Tuesday, March 20, 2007

Rest in peace for two (three)

On Monday (yesterday) I got news, via e-mails, that two fellows of significance to me personally, had died after illnesses. They were Bob Graham and Roger Bennett. Not exactly good news for a Monday!

Bob had served with me on the VÍA Citizens Advisory Council. Altho' we weren't closely related as Grahams, I liked to call him "Uncle Bob". This despite my having a REAL Uncle Bob, i.e., Robert Graham, my dad's older brother.

As for Roger, he was the final pianist for the Cathedral Quartet, before Glen Payne and George Younce decided to retire the gospel quartet. When that happened (as the second Millennium was ending), Roger and best friend and fellow Cathedrals member Scott Fowler chose to start a new gospel singing group, which took the name Legacy Five. In addition to continuing playing the ivories for the new group, Roger was MC. Roger developed leukemia in the early 1990s, underwent treatment and proceeded into remission. Out of that experience he was able to write some fantastic Southern Gospel songs! But then the leukemia returned, in a more virulent form, and for years doctors at MD Anderson Hospital in Houston tried all manner of techniques to overcome the new cancer. But now Roger has ended his fight with the disease and gone home to be with Jesus. Even now I can hear him singing in Glory with Glen and George!

As for the third death hinted at in my title, I'm currently substituting for an English teacher at Alamo Heights High School, some of whose classes are seniors taking dual credit (i.e., college credit, too). They are watching a DVD of a recent film called "Unknown Soldier: Searching for a father" by a filmmaker named John Hulme (pronounced "Hyoom"). He's just over thirty at the filming, and the film is the story of his search for the father he never knew. You see, his dad, Marine 2LT John W. "Jack" Hulme, died on 30 June A.D. 1969 during a rocket attack in Quang Tri Province of (South) Vietnam -- just weeks after John had been born.

The story opens with John's call to one Dennis Headapole, who had served with his dad in 'Nam, and who expresses gladness to get the phone call. Then quickly we see John himself driving into Washington DC, to the Vietnam Memorial on the Mall. His dad's name is on "The Wall", of course. These two introductory items alerted me that the search would have a good ending, but also to steel myself for a return trip to my youth, when the war in Vietnam was tearing our country apart. I don't have a name of family member or dear friend up there on "The Wall" -- and yet because the war was such a dark shadow over my teenage and young adult years, just hearing about the Vietnam Memorial in a song on the radio will cause me to tear up! And when I visited "The Wall" on Memorial Day of A.D. 1999, I was struck by how the highly-polished granite was a perfect mirror, with my image. It was a sobering reminder to me that but for the grace of God MY NAME would have been on that wall, too!

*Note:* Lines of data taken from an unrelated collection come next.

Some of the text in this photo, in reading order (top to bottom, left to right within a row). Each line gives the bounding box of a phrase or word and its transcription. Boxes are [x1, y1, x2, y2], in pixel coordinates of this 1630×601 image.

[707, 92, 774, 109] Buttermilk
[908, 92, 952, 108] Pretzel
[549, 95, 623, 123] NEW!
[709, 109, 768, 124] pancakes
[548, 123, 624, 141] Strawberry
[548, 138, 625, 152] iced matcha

As I watch "Unknown Soldier" I feel like I'm getting to know three fellow Americans, and appreciate their story of how 'Nam affected their lives, and to love them. They are John himself, who never wanted to know much about his father or how he had died over there, until his wife pressed him for information on his family, including the dad who died in combat; and his mother Ellen, a Jew who had married into a devout Catholic family and then suffered watching her new husband go off to an unpopular war and never return to meet his son.

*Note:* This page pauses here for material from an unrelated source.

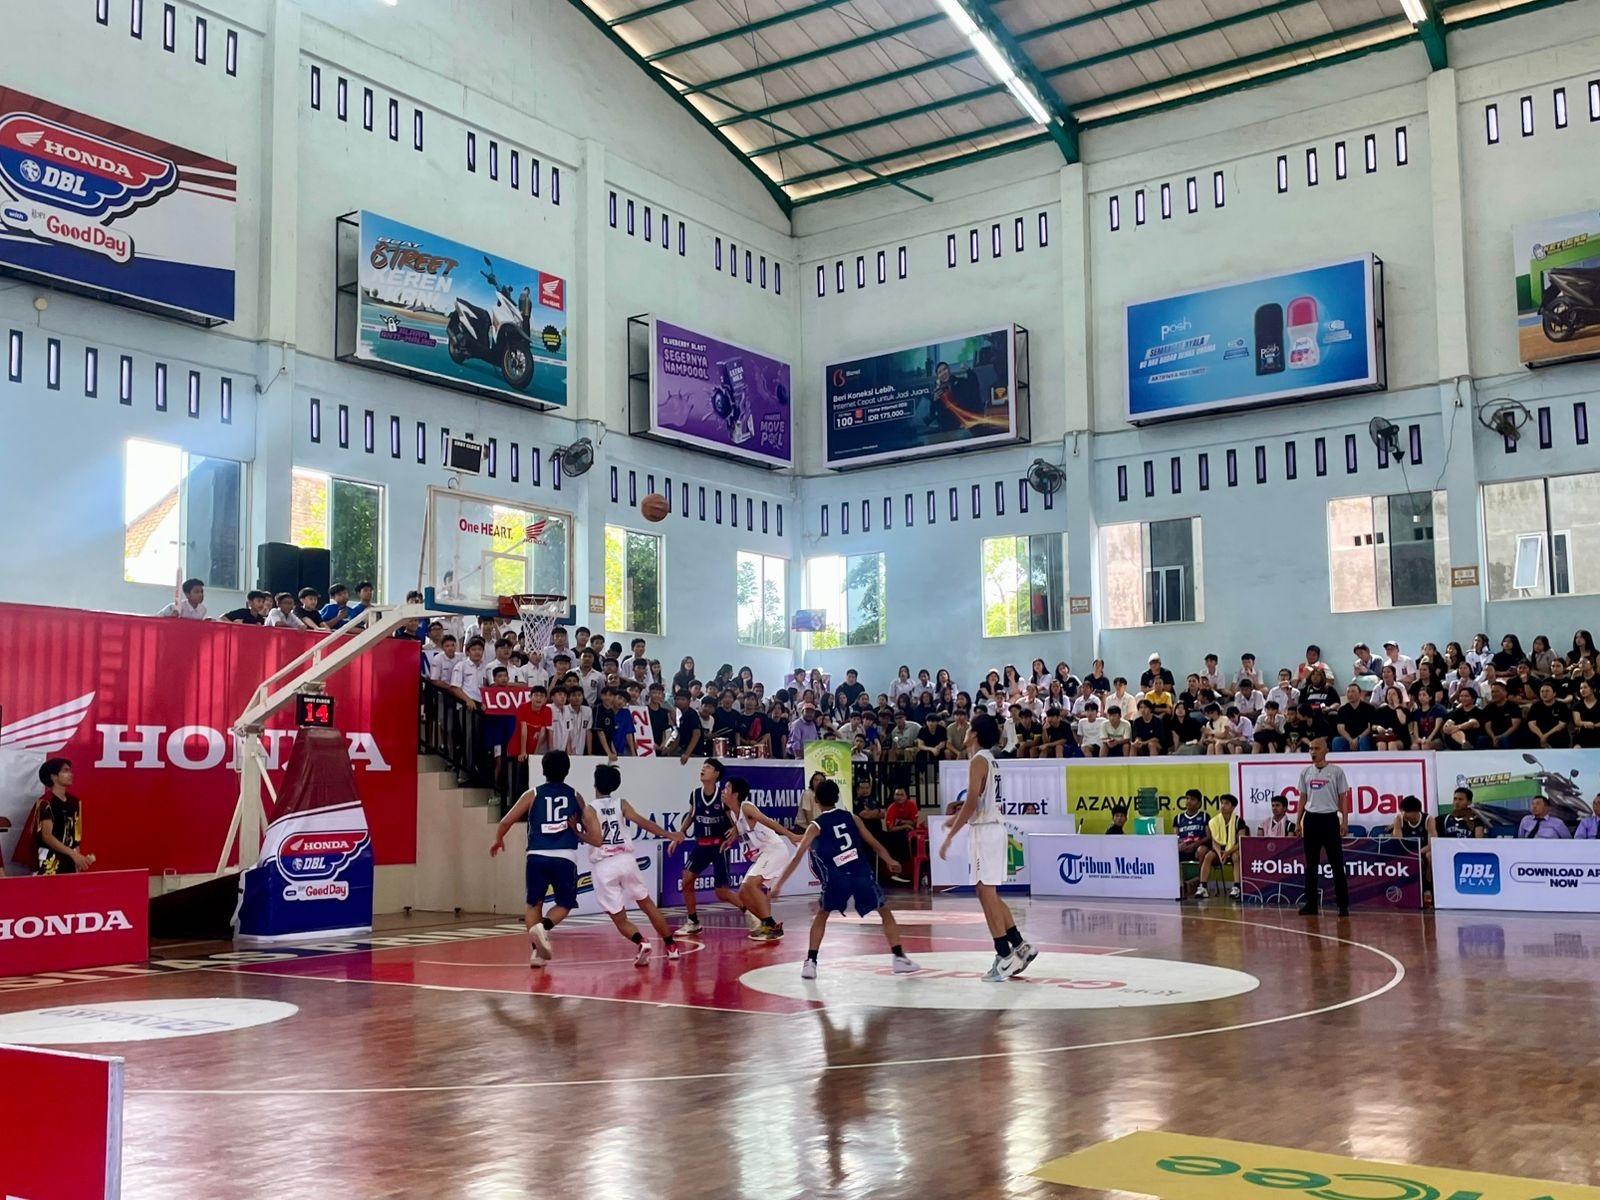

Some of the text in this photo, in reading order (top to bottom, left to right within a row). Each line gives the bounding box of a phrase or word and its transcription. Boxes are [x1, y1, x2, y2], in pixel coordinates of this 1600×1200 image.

And the Marine Lieutenant -- "Jack" Hulme. As I saw images of the handsome young football player, college "frat rat", and gung-ho Marine, and heard family members, boyhood and college friends and military buddies tell their memories of him, I found my self loving him and thinking how much alike we were. No, not the football-player and Marine, maybe. But the young man who wanted to serve his country in the military, enjoyed fraternity life, loved his lady -- and the son he never got to hold -- and liked to sing and go to parades. THIS was a guy with whom I could identify! Had we two KNOWN each other back in the Sixties, I'm certain that John W. "Jack" Hulme and I would have been best friends, and loved each other as brothers.

So, when Ellen in sharing with John what she remembered of his dad, finally broke down and wept in his arms, and again when his buddies gave details about his death on the battlefield, and with black-and-white photos to see one heard a tribute at his funeral and then "Taps", I felt the tears well up. Yes, I never truly met the man, nor have I met his son or widow, but the detains of his life were SO TOUCHING for me personally, that I now feel as tho' a piece of me was blown away in that rocket attack over there on 30 June '69.

And if God willing I ever return to "The Wall", I shall have a name for which to search. 2LT John W. "Jack" Hulme, rest in peace, Sir! I salute you for your service and sacrifice for our country.

And, "Uncle" Bob and Roger Bennett, you two rest in peace, too!